G7, 50 milliards de dollars de crédit. Il s'agit d'un pas important de la part de l'Occident, car il s'agit d'utiliser les intérêts des avoirs gelés de la Russie à l'Ouest pour accorder ce prêt. 

Et la Russie n'a pas bien pris la chose. La semaine dernière, il semble que des mesures aient été prises dans ce sens et qu'elles aient finalement été annoncées. Outre cette annonce économique, qui est très importante en raison de son montant, Zelensky a signé un accord bilatéral majeur en matière de sécurité avec Joe Biden lors du sommet du G7, et les États-Unis et l'Ukraine ont convenu de renouveler l'aide américaine, y compris la fourniture d'armes au pays de Zelensky et l'envoi officiel de formateurs américains sur le sol ukrainien. 

Les États-Unis suivraient ainsi la France, qui a été le premier pays à annoncer l'envoi de formateurs sur le sol ukrainien.
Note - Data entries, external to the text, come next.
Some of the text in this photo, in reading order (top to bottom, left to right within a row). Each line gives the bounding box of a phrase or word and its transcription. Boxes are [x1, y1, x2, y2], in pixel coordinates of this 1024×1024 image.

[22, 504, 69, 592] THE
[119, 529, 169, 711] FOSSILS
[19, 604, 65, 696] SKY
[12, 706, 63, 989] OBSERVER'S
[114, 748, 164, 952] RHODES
Les Etats-Unis pourraient déjà avoir du personnel déployé en Ukraine pour aider les Ukrainiens à opérer ou les instruire sur des systèmes d'armes importants tels que les systèmes Patriot et d'autres grands systèmes techniquement performants. 

Cette annonce a été rendue officielle, sans que l'on sache quand, mais il y aura des formateurs américains sur le sol ukrainien. C'est très important, l'accord sera valable pendant 10 ans, ce qui est un bon signe de soutien américain au pays envahi par la Russie, surtout en vue des élections américaines où Trump pourrait revenir à la Maison Blanche, ce qui provoque un grand malaise chez les Ukrainiens ; mais, d'un autre côté, un accord de 10 ans anticipe une très longue guerre qui continuera à saigner l'Ukraine et ses citoyens.  
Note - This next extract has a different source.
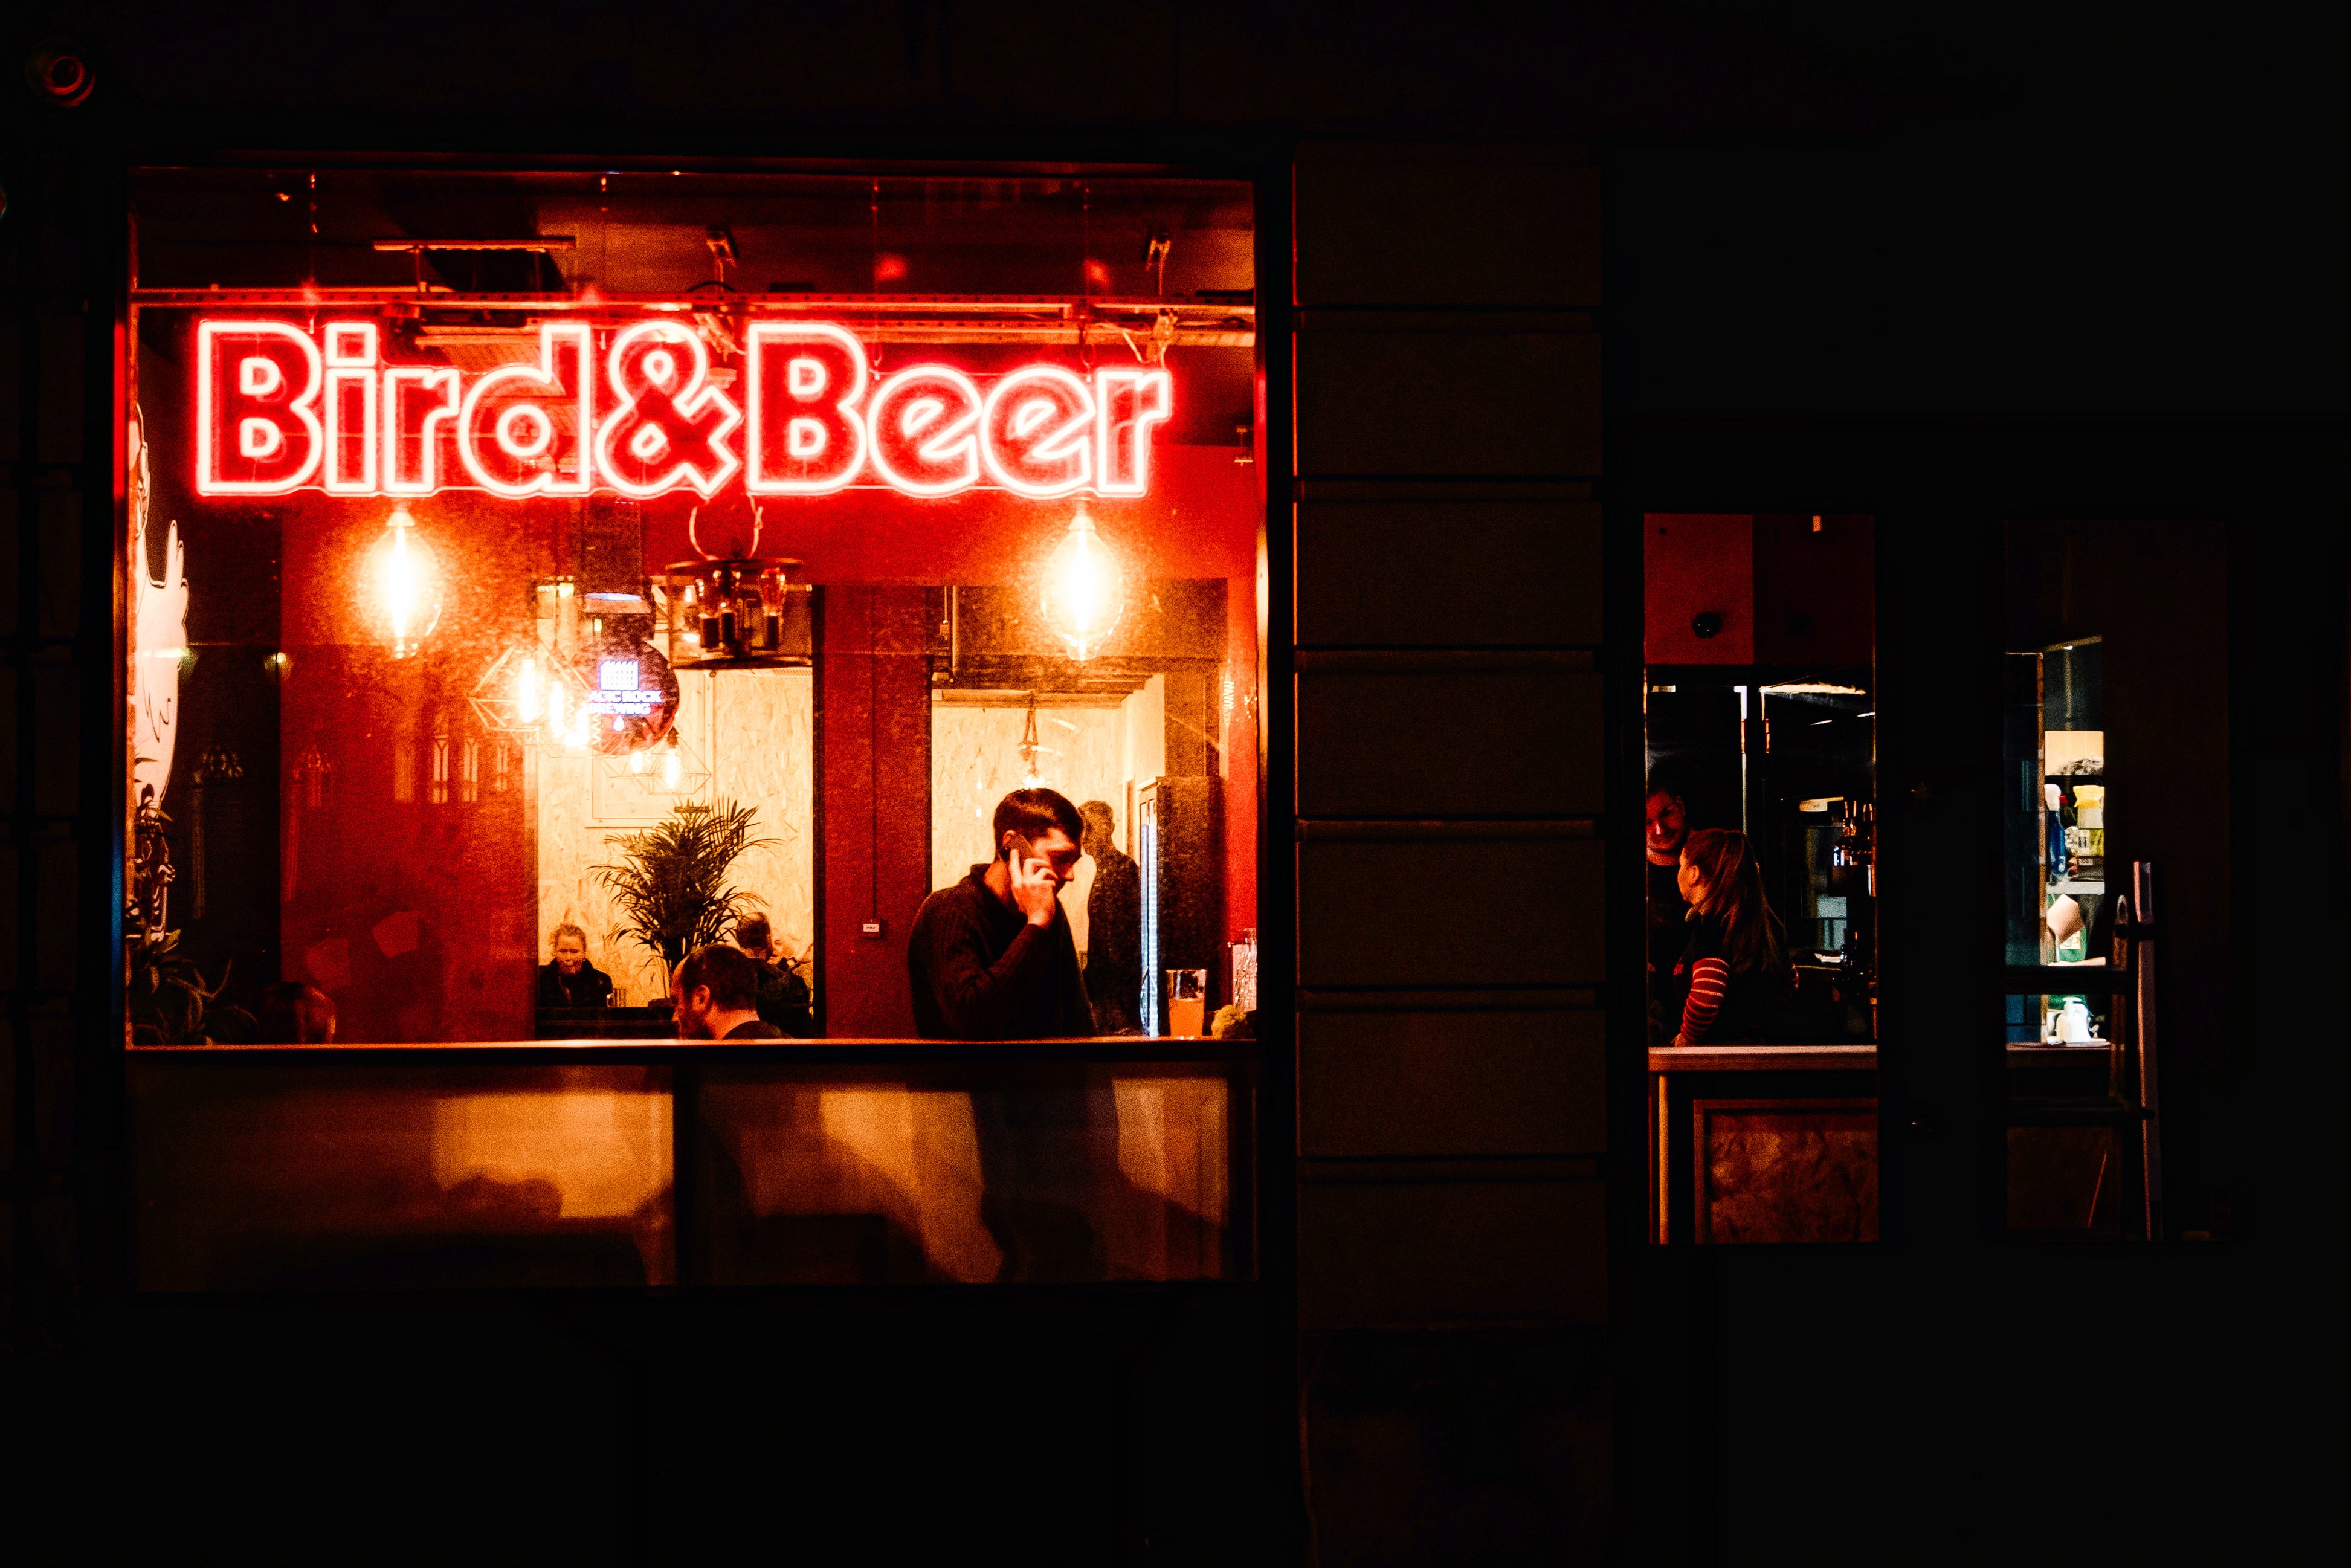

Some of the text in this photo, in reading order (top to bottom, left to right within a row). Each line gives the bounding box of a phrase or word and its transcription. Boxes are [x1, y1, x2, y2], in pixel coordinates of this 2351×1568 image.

[197, 319, 1171, 500] Bird&Beer
[585, 689, 662, 703] AGIC ROCK
[588, 702, 651, 715] BREWING
Zelensky, pour sa part, a interprété ce geste comme un pont, a-t-il dit, afin que son pays puisse rejoindre l'OTAN à l'avenir. D'autre part, nous avons mentionné ce sommet de la paix. 

OTAN - PHOTO/FILE

La réunion du G7 avec Zelensky et les accords rapprochent l'Ukraine de l'OTAN. La Suisse a accueilli une conférence où Moscou, l'agresseur, n'a pas été invité. Quels sont les objectifs de Zelensky avec ce sommet en Suisse ? 

L'objectif de Zelensky est de renforcer le soutien de l'Occident à l'Ukraine. Il est en effet étrange que la Russie ne soit pas invitée à un sommet de paix visant à mettre fin au conflit entre l'Ukraine et la Russie. Ce point suscite d'ailleurs la controverse. 
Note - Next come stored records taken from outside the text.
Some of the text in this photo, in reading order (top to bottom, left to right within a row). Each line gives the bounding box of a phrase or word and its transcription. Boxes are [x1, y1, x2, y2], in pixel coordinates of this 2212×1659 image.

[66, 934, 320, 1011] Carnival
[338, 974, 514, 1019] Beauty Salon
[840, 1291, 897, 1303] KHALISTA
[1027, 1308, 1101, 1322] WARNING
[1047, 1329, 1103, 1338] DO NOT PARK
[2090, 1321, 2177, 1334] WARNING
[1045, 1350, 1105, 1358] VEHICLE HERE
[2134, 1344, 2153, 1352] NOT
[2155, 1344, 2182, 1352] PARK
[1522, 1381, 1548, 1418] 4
Des personnalités telles que le président brésilien Lula da Silva l'ont qualifié d'absurdité pure et simple. La Chine est également critiquée pour avoir fait pression sur d'autres pays afin qu'ils ne participent pas au sommet. Enfin, le Kremlin tente de discréditer la réunion par tous les moyens.  

La liste des participants n'a pas été rendue publique, précisément pour éviter les pressions de tiers. C'est inhabituel pour un sommet international de cette envergure, qui a réuni un si grand nombre de participants. 

C'est un bon moment pour montrer une fois de plus son soutien à l'Ukraine et Zelensky essaiera certainement de faire quelques progrès, de prendre des mesures en direction des étapes ultérieures de l'Ukraine vers l'adhésion à l'UE. Néanmoins, nous devrons attendre de voir ce que Zelensky propose, quelles mesures sont à son ordre du jour, dans cette formule de paix qu'il a appelée de ses vœux pour que le conflit, qui dure depuis près de deux ans et demi, puisse prendre fin. 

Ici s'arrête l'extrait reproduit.